> _INSTRUCTIONS FOR THE TASK_
Give back the data in full, with every line exact.

> _RECORDED DATA_

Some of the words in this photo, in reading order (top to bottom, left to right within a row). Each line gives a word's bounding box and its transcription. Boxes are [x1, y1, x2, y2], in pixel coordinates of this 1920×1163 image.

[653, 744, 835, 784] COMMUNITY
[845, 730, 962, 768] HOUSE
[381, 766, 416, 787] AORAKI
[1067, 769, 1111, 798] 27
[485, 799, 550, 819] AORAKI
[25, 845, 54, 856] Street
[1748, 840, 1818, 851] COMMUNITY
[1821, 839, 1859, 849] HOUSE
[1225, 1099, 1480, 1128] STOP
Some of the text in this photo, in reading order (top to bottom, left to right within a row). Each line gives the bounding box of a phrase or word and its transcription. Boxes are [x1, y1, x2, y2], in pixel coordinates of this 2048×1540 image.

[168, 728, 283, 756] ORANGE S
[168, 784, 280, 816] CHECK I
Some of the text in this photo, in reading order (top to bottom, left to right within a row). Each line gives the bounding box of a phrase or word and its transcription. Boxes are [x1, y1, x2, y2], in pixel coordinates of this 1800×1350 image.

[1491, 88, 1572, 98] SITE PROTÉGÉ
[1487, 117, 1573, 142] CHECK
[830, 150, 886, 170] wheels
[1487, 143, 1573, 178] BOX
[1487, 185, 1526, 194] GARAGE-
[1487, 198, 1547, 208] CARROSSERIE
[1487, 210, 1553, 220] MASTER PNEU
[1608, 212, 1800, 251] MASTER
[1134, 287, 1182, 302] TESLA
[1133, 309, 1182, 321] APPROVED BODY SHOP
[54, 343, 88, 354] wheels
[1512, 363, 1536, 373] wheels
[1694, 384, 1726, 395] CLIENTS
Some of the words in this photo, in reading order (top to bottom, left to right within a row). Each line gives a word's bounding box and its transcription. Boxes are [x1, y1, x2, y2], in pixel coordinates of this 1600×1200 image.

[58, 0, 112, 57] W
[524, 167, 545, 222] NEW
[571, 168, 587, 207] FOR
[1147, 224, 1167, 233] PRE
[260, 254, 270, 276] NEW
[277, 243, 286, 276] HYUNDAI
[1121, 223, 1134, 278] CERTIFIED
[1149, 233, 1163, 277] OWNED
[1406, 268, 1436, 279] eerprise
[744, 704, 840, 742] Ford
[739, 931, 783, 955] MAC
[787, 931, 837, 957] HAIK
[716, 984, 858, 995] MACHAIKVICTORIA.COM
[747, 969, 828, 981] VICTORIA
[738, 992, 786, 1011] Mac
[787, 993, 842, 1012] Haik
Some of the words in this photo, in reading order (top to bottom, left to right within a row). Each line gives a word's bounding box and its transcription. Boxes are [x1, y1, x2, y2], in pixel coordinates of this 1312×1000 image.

> _RESPONSE_
Some of the words in this photo, in reading order (top to bottom, left to right within a row). Each line gives a word's bounding box and its transcription. Boxes are [x1, y1, x2, y2], in pixel coordinates of this 1920×1163 image.

[653, 744, 835, 784] COMMUNITY
[845, 730, 962, 768] HOUSE
[381, 766, 416, 787] AORAKI
[1067, 769, 1111, 798] 27
[485, 799, 550, 819] AORAKI
[25, 845, 54, 856] Street
[1748, 840, 1818, 851] COMMUNITY
[1821, 839, 1859, 849] HOUSE
[1225, 1099, 1480, 1128] STOP
Some of the text in this photo, in reading order (top to bottom, left to right within a row). Each line gives the bounding box of a phrase or word and its transcription. Boxes are [x1, y1, x2, y2], in pixel coordinates of this 2048×1540 image.

[168, 728, 283, 756] ORANGE S
[168, 784, 280, 816] CHECK I
Some of the text in this photo, in reading order (top to bottom, left to right within a row). Each line gives the bounding box of a phrase or word and its transcription. Boxes are [x1, y1, x2, y2], in pixel coordinates of this 1800×1350 image.

[1491, 88, 1572, 98] SITE PROTÉGÉ
[1487, 117, 1573, 142] CHECK
[830, 150, 886, 170] wheels
[1487, 143, 1573, 178] BOX
[1487, 185, 1526, 194] GARAGE-
[1487, 198, 1547, 208] CARROSSERIE
[1487, 210, 1553, 220] MASTER PNEU
[1608, 212, 1800, 251] MASTER
[1134, 287, 1182, 302] TESLA
[1133, 309, 1182, 321] APPROVED BODY SHOP
[54, 343, 88, 354] wheels
[1512, 363, 1536, 373] wheels
[1694, 384, 1726, 395] CLIENTS
Some of the words in this photo, in reading order (top to bottom, left to right within a row). Each line gives a word's bounding box and its transcription. Boxes are [x1, y1, x2, y2], in pixel coordinates of this 1600×1200 image.

[58, 0, 112, 57] W
[524, 167, 545, 222] NEW
[571, 168, 587, 207] FOR
[1147, 224, 1167, 233] PRE
[260, 254, 270, 276] NEW
[277, 243, 286, 276] HYUNDAI
[1121, 223, 1134, 278] CERTIFIED
[1149, 233, 1163, 277] OWNED
[1406, 268, 1436, 279] eerprise
[744, 704, 840, 742] Ford
[739, 931, 783, 955] MAC
[787, 931, 837, 957] HAIK
[716, 984, 858, 995] MACHAIKVICTORIA.COM
[747, 969, 828, 981] VICTORIA
[738, 992, 786, 1011] Mac
[787, 993, 842, 1012] Haik
Some of the words in this photo, in reading order (top to bottom, left to right within a row). Each line gives a word's bounding box and its transcription. Boxes are [x1, y1, x2, y2], in pixel coordinates of this 1312×1000 image.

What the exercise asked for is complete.